Referring expression grounding data:

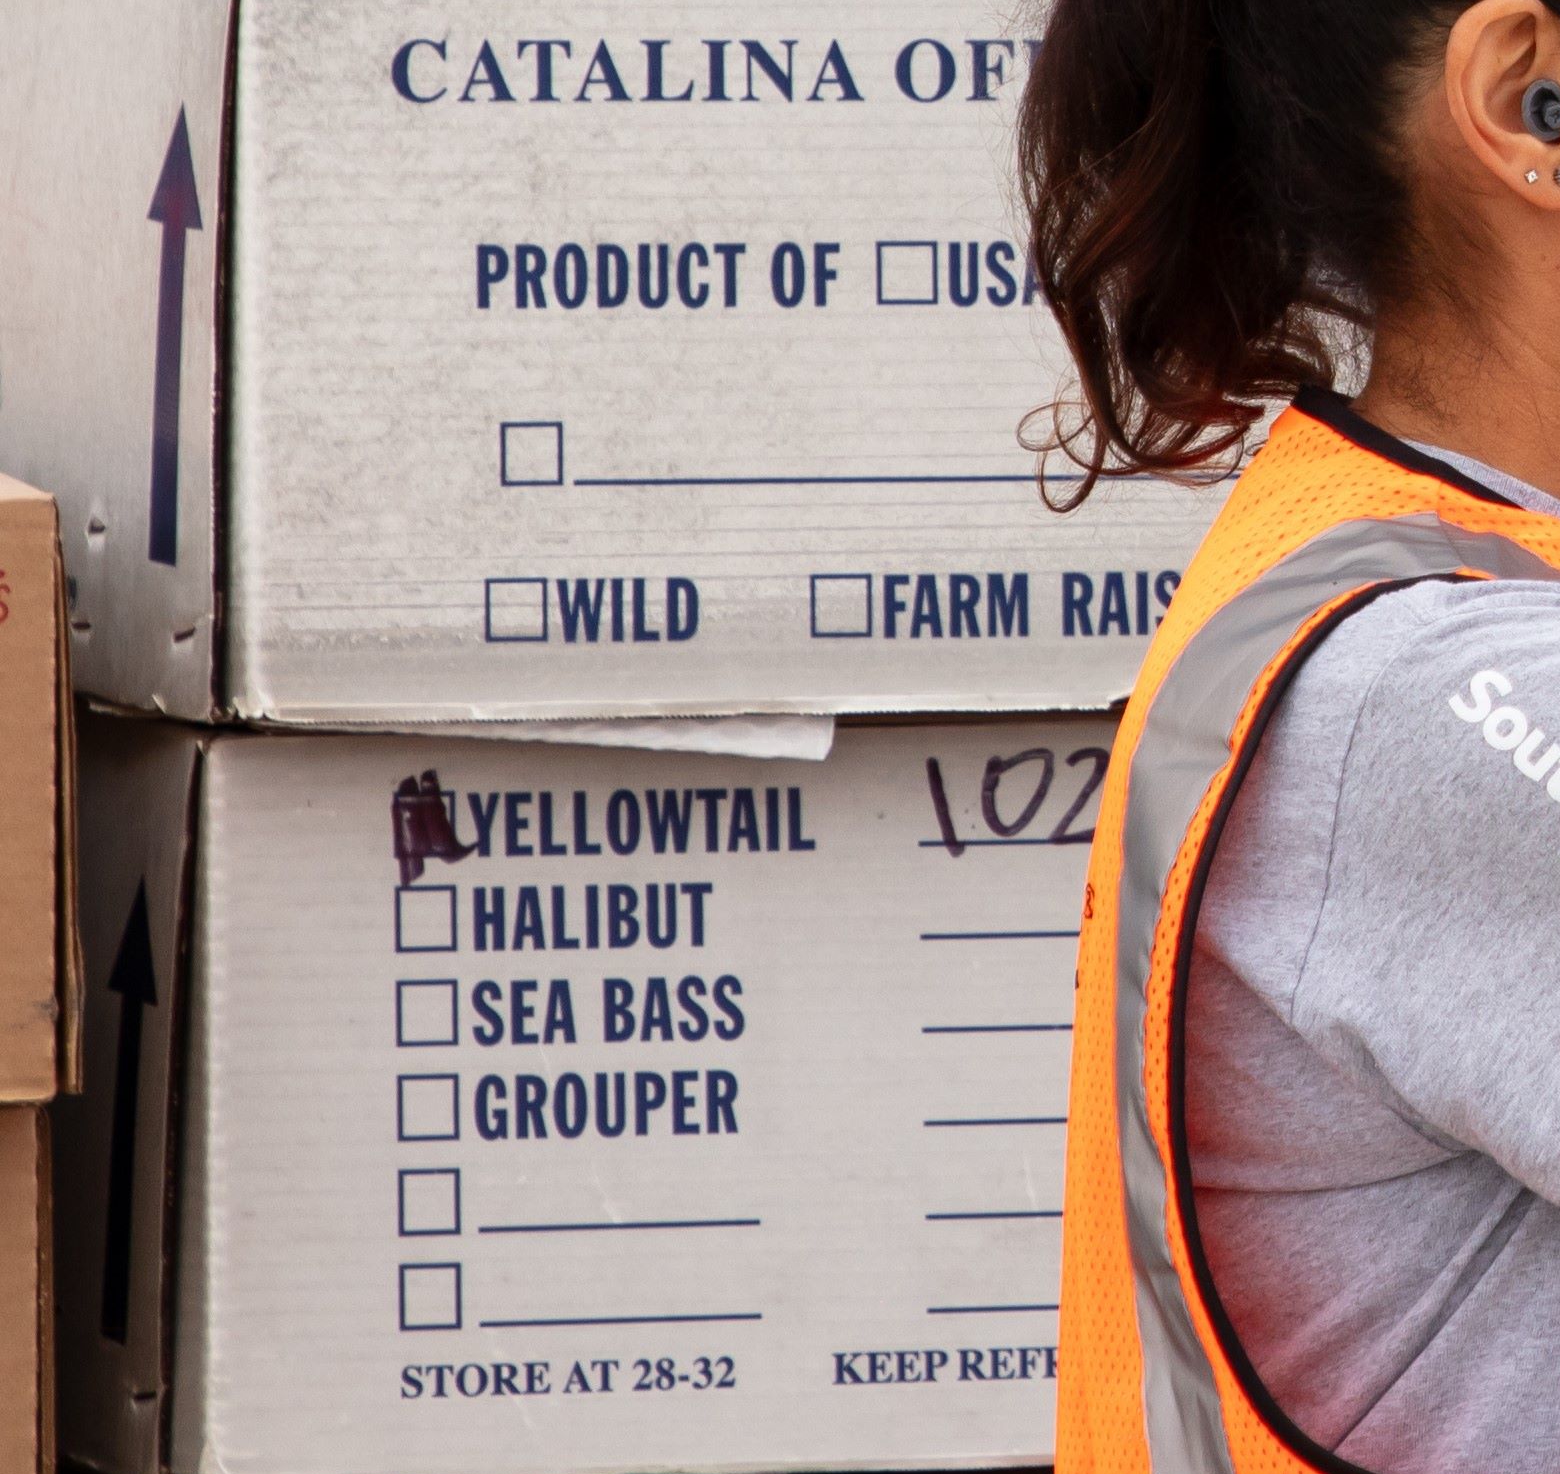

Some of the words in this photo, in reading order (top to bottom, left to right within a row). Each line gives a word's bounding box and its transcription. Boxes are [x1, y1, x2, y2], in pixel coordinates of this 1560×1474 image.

[391, 38, 865, 104] CATALINA
[477, 241, 747, 310] PRODUCT
[771, 241, 841, 308] OF
[556, 577, 700, 644] WILD
[883, 572, 1029, 639] FARM
[1058, 567, 1182, 639] RAIS
[465, 785, 818, 859] YELLOWTAIL
[473, 882, 713, 952] HALIBUT
[472, 978, 577, 1047] SEA
[603, 974, 745, 1043] BASS
[474, 1069, 739, 1141] GROUPER
[401, 1362, 551, 1398] STORE
[563, 1360, 619, 1393] AT
[633, 1355, 736, 1391] 28-32
[833, 1350, 949, 1385] KEEP
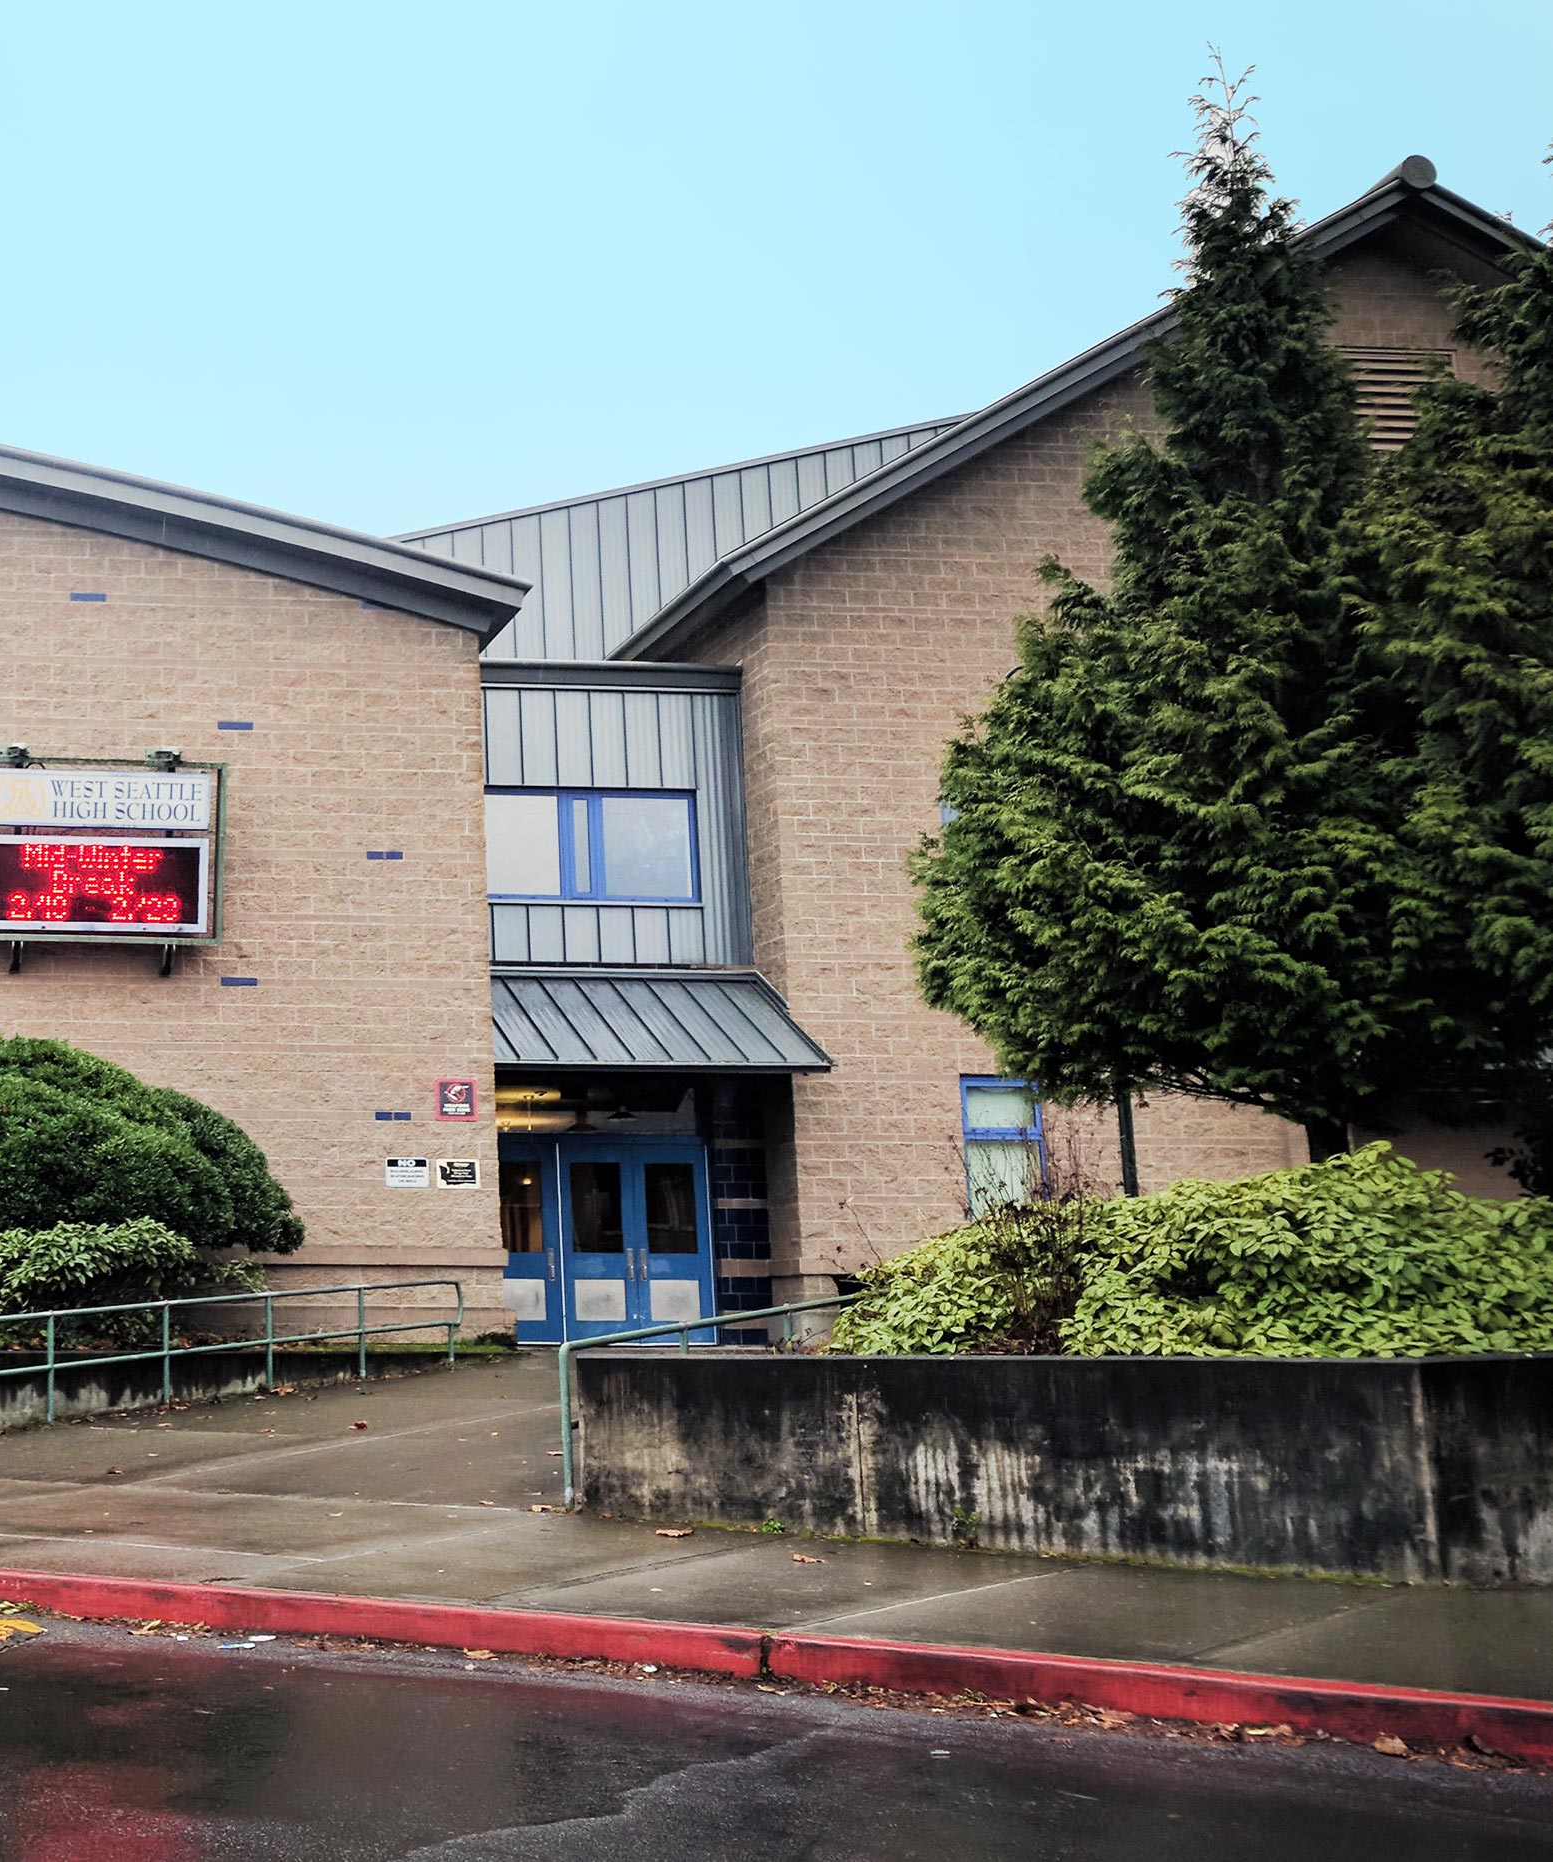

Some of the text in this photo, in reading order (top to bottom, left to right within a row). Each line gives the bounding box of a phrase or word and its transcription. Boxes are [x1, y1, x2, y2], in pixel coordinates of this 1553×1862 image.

[51, 780, 202, 801] WEST SEATTLE
[53, 801, 201, 822] HIGH SCHOOL
[51, 870, 135, 895] Break
[398, 1159, 416, 1167] NO

- What you have to do: Every line from the one that has "Some of the text" down to the last line above must be written out exactly, with both ends included and nothing else.

- Task answer:
Some of the text in this photo, in reading order (top to bottom, left to right within a row). Each line gives the bounding box of a phrase or word and its transcription. Boxes are [x1, y1, x2, y2], in pixel coordinates of this 1553×1862 image.

[51, 780, 202, 801] WEST SEATTLE
[53, 801, 201, 822] HIGH SCHOOL
[51, 870, 135, 895] Break
[398, 1159, 416, 1167] NO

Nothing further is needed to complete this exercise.